Chapter and Character Evaluations:
The evaluation continues with a summary of each chapter you sent, including what works and what doesn’t. My evaluator included really helpful thoughts about what questions the reader might mentally be asking at the end of each chapter, and if the next chapter addressed those questions. For example:
For Chapter 1: The evaluator mentioned, “In the back of readers’ minds will be the idea that the family is probably very unhappy with Alexis being the sole heir.”
For Chapter 2: The evaluator concludes with, “Good chapter, as it echoes what readers might be thinking about the family and losing its inheritance to Alexis.”
The characters are evaluated as to whether they are well developed and necessary. If not, how can you better develop them, or who could be cut?
This is where your earlier character descriptions can really help the evaluator. If your characters are really clear in your description, but an important background element never really comes through in the novel, or was accidentally cut in a previous draft, the evaluator will notify you. Since I only sent the first 100 pages, but a full character description, the evaluator gave me great ideas for the character arc of my heroine.
Inconsistencies and Improvements Evaluation:
The evaluator provides suggestions to correct grammar, formatting, inconsistent character names or timeline confusion. This is not meant to be a line-by-line edit of the book.
I was reminded of grammar rules I repeatedly ignored, like when to write out numbers, or “every day” vs “everyday.” Another detail I’m grossly guilty of is redundant wording, like “Each stone descending down from …” The evaluator pointed out that the only direction “descending” could indicate is “down.”
Writing Style Evaluation:
The evaluator offers possible solutions to consistent problems.

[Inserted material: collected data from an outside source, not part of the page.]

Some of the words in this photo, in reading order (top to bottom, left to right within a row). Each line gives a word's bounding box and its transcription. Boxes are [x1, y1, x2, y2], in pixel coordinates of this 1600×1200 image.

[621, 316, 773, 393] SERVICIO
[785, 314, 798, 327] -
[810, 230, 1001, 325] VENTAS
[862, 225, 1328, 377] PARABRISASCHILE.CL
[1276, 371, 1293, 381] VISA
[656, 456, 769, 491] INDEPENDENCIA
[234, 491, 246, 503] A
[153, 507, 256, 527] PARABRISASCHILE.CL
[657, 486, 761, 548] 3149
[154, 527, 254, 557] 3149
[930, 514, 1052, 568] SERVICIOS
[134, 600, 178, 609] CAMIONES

A great catch was, “Slurping his soup, he said, ‘Why didn’t you tell me about this?’” The evaluator said:
"When we have a verb ending in –ing, this implies ongoing action. But can he really be slurping his soup at the same time that he speaks? Try it. Instead it should be written: He slurped his soup and then said, ‘Why didn’t you tell me about this?’"

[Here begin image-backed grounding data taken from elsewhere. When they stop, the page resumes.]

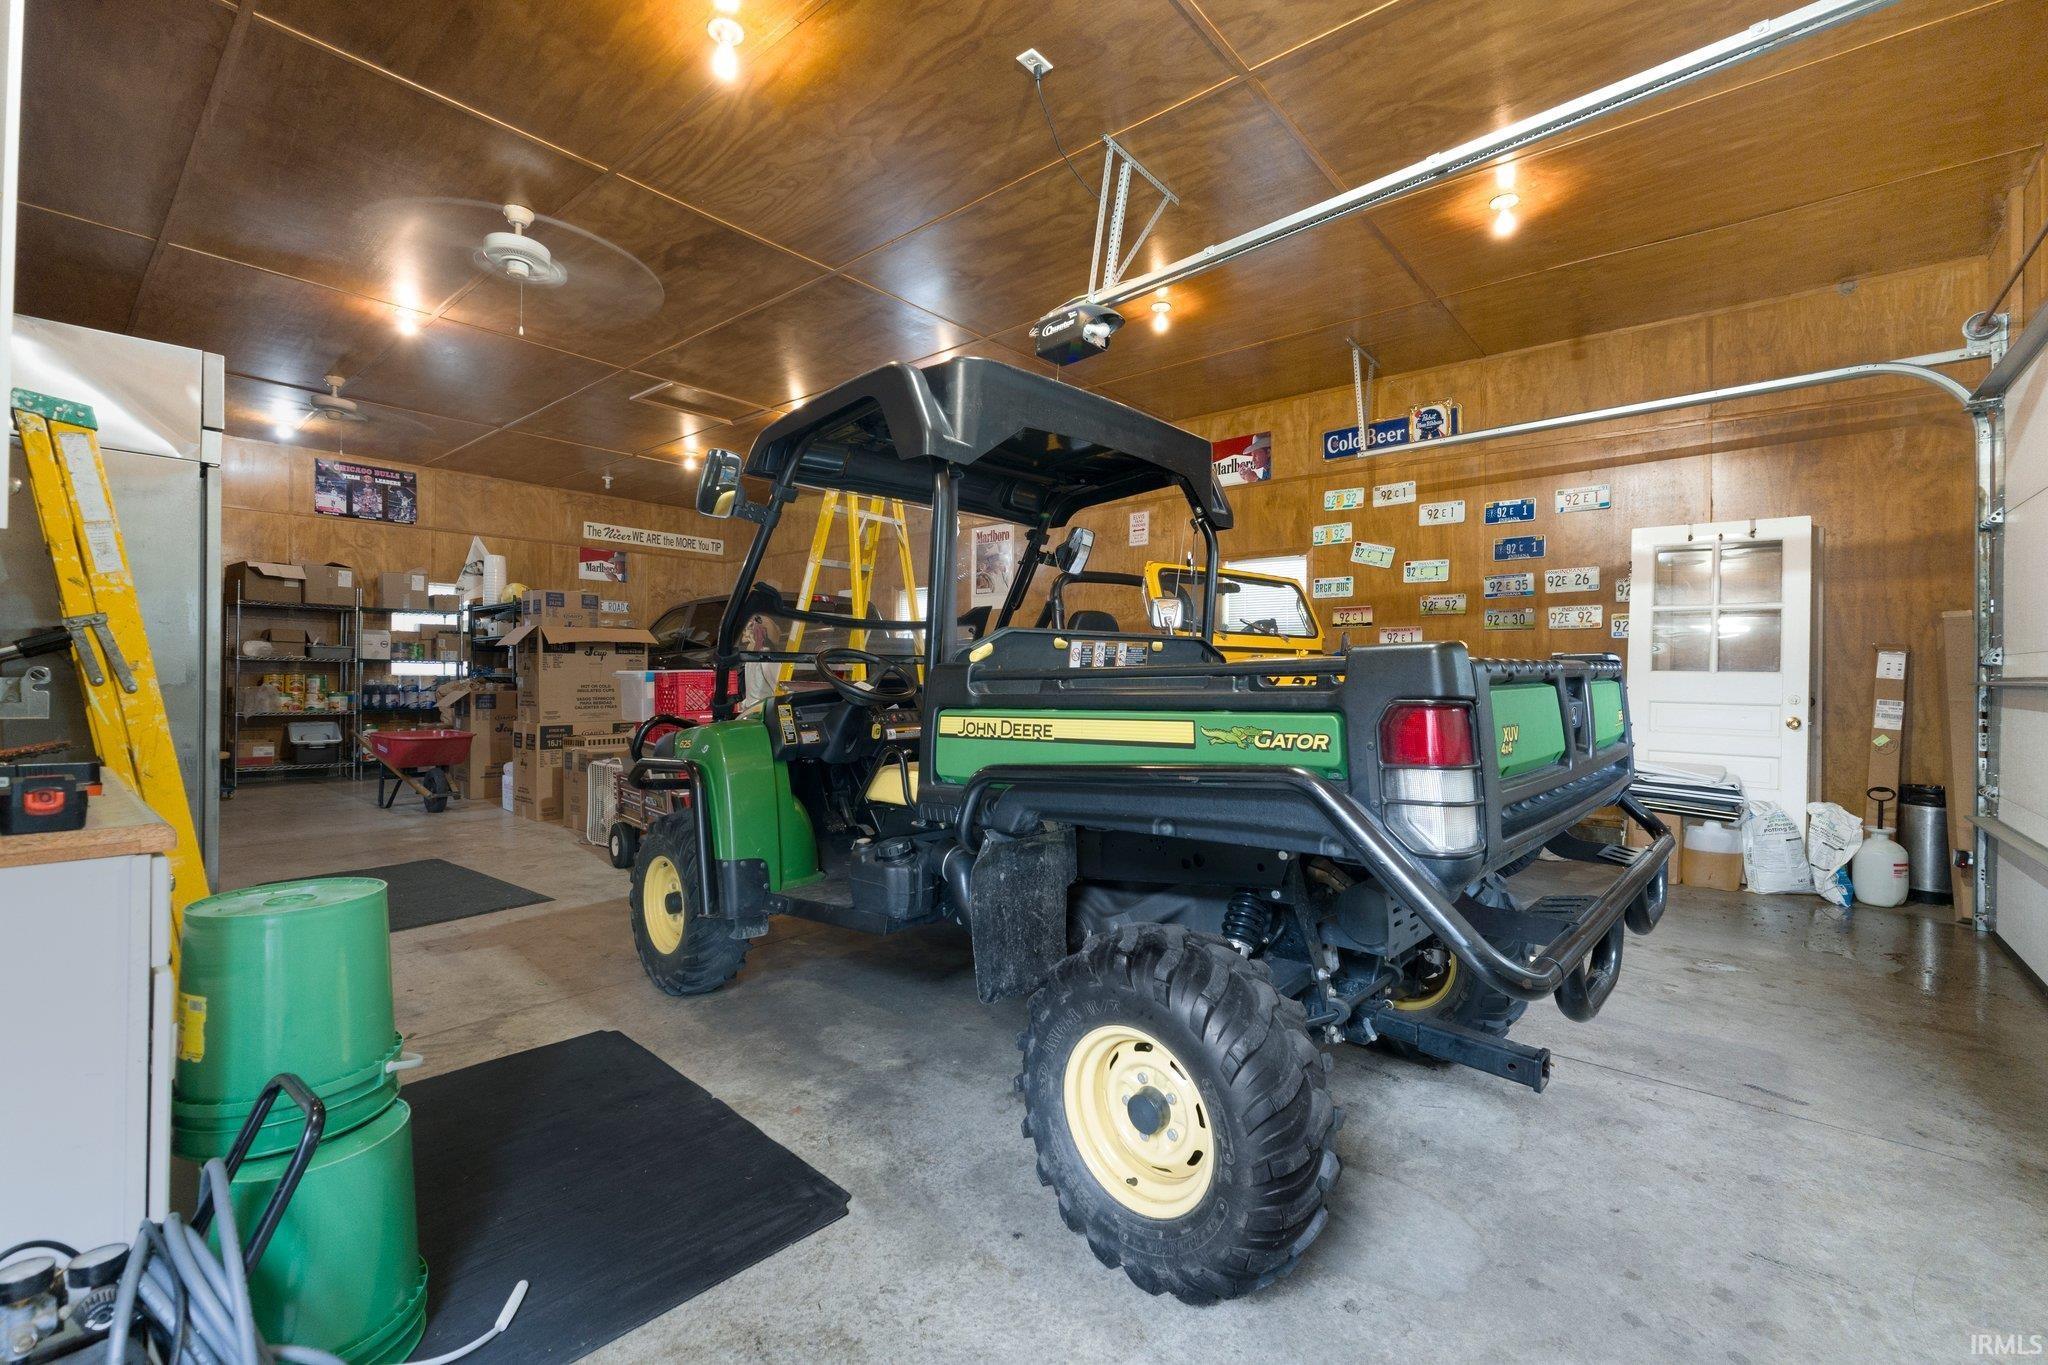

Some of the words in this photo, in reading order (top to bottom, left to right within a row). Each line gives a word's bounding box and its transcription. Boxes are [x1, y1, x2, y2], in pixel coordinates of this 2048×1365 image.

[1042, 319, 1075, 336] Quantum
[1326, 429, 1361, 454] Cold
[1366, 427, 1405, 446] Beer
[334, 465, 373, 475] CHICAGO
[374, 469, 400, 480] BULLS
[1497, 507, 1507, 518] 92
[587, 524, 602, 537] The
[603, 526, 632, 541] Nicer
[632, 531, 645, 543] WE
[646, 533, 662, 545] ARE
[663, 535, 675, 547] the
[675, 536, 696, 550] MORE
[698, 539, 710, 552] You
[711, 541, 722, 552] TIP
[976, 530, 1010, 543] Marlboro
[1490, 581, 1502, 592] 92
[1515, 579, 1529, 591] 35
[1574, 573, 1590, 586] 26
[1316, 583, 1332, 594] BRGR
[1336, 582, 1350, 592] BUG
[608, 601, 625, 611] ROAD
[1445, 599, 1457, 610] 92
[1487, 614, 1499, 626] 92
[1512, 613, 1526, 625] 30
[1577, 611, 1592, 623] 92
[1614, 620, 1629, 632] 92
[958, 718, 997, 736] JOHN
[1000, 719, 1054, 739] DEERE
[1503, 725, 1519, 742] XUV
[1254, 729, 1330, 751] GATOR

After reading this comment, I found several impossible moments of verb & speech combos; Sneezing and speaking, catching my breath and speaking, and of course, drinking and speaking.
The Conclusion and Next Steps:
For my first 100 pages, the evaluator wrote:
“The success of what has been written is absolutely great and highly suspenseful, with a steamroller plot, great characterization, and description. What is the next step? Finish the manuscript.”
Although I cherish my beta readers, my CreateSpace evaluator was enthusiastic, positive, critical, incredibly helpful, and offered a level of detail that is difficult to get from anyone but a professional editor. This is an excellent service with enormous bang for your buck. I absolutely recommend it.